Work instruction: Restate word for word the line containing "this 2048×1365 image." and all remaining lines of the entries below.

Provided data:
# # # # #

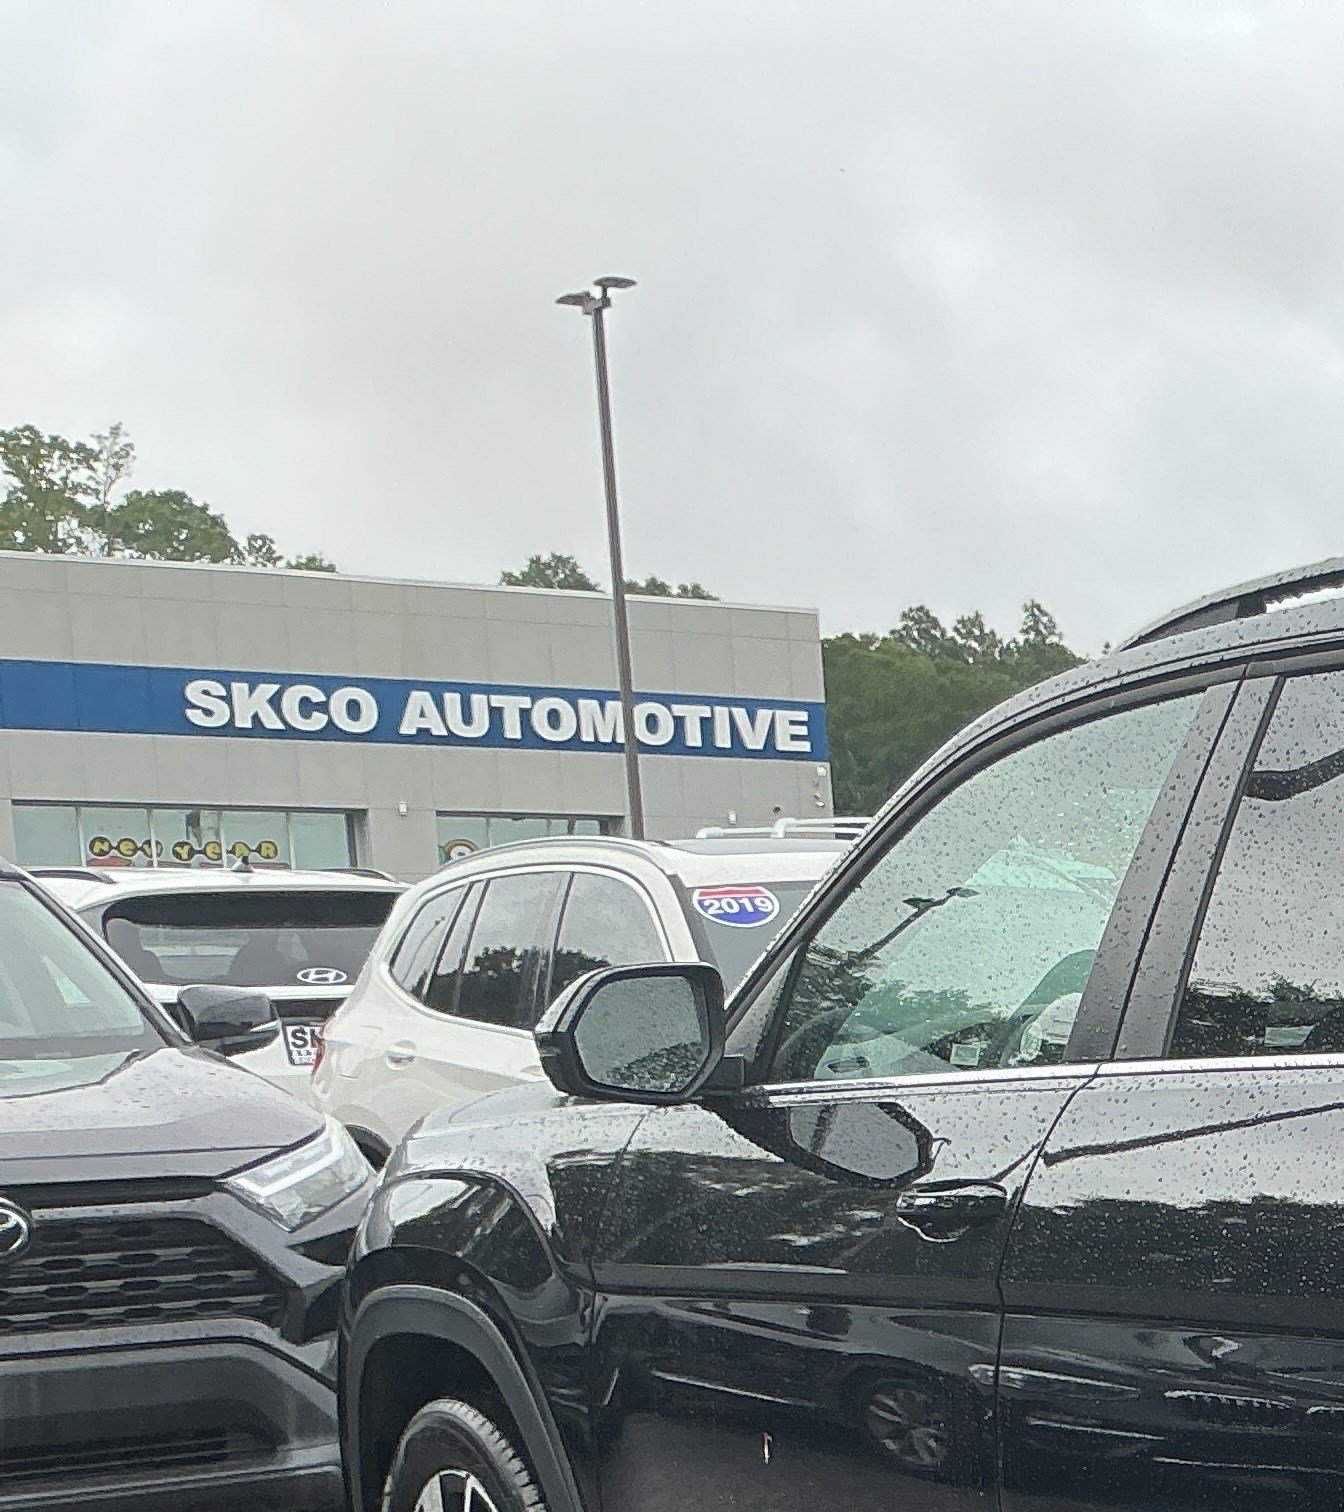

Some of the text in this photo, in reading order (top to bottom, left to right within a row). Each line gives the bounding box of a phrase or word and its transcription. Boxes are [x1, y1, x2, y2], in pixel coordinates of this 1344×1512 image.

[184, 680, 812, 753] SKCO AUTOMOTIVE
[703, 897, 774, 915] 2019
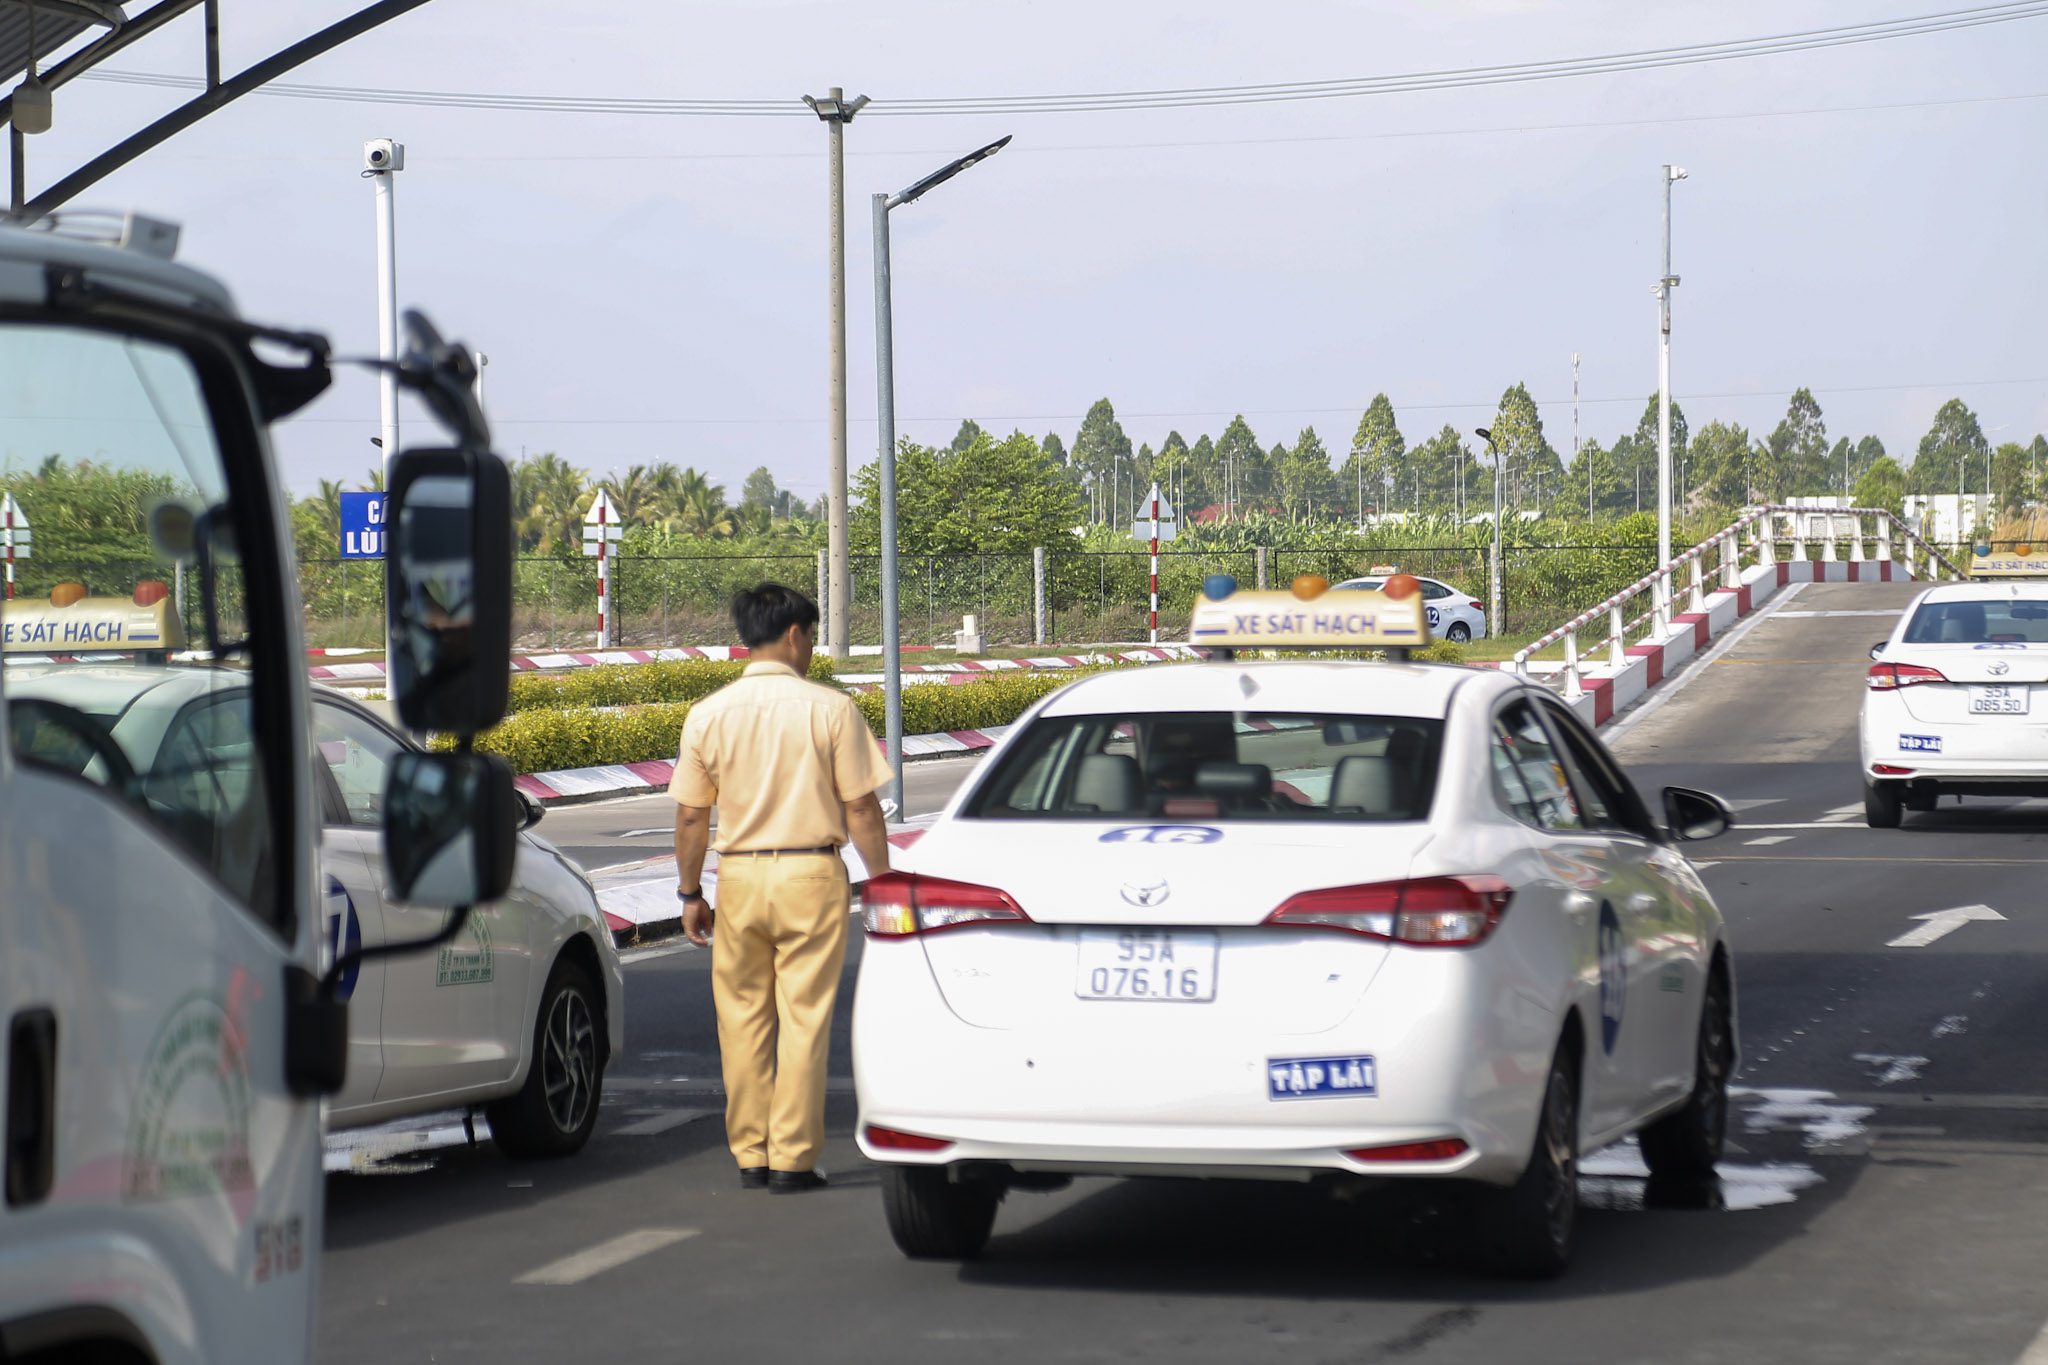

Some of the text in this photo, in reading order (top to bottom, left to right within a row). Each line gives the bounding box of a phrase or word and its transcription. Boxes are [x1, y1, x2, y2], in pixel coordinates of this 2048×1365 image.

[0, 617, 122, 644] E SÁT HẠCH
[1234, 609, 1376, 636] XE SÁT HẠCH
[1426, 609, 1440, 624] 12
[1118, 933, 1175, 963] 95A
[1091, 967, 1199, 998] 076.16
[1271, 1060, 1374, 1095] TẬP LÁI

# # # # #

Solution for this task:
Some of the text in this photo, in reading order (top to bottom, left to right within a row). Each line gives the bounding box of a phrase or word and its transcription. Boxes are [x1, y1, x2, y2], in pixel coordinates of this 2048×1365 image.

[0, 617, 122, 644] E SÁT HẠCH
[1234, 609, 1376, 636] XE SÁT HẠCH
[1426, 609, 1440, 624] 12
[1118, 933, 1175, 963] 95A
[1091, 967, 1199, 998] 076.16
[1271, 1060, 1374, 1095] TẬP LÁI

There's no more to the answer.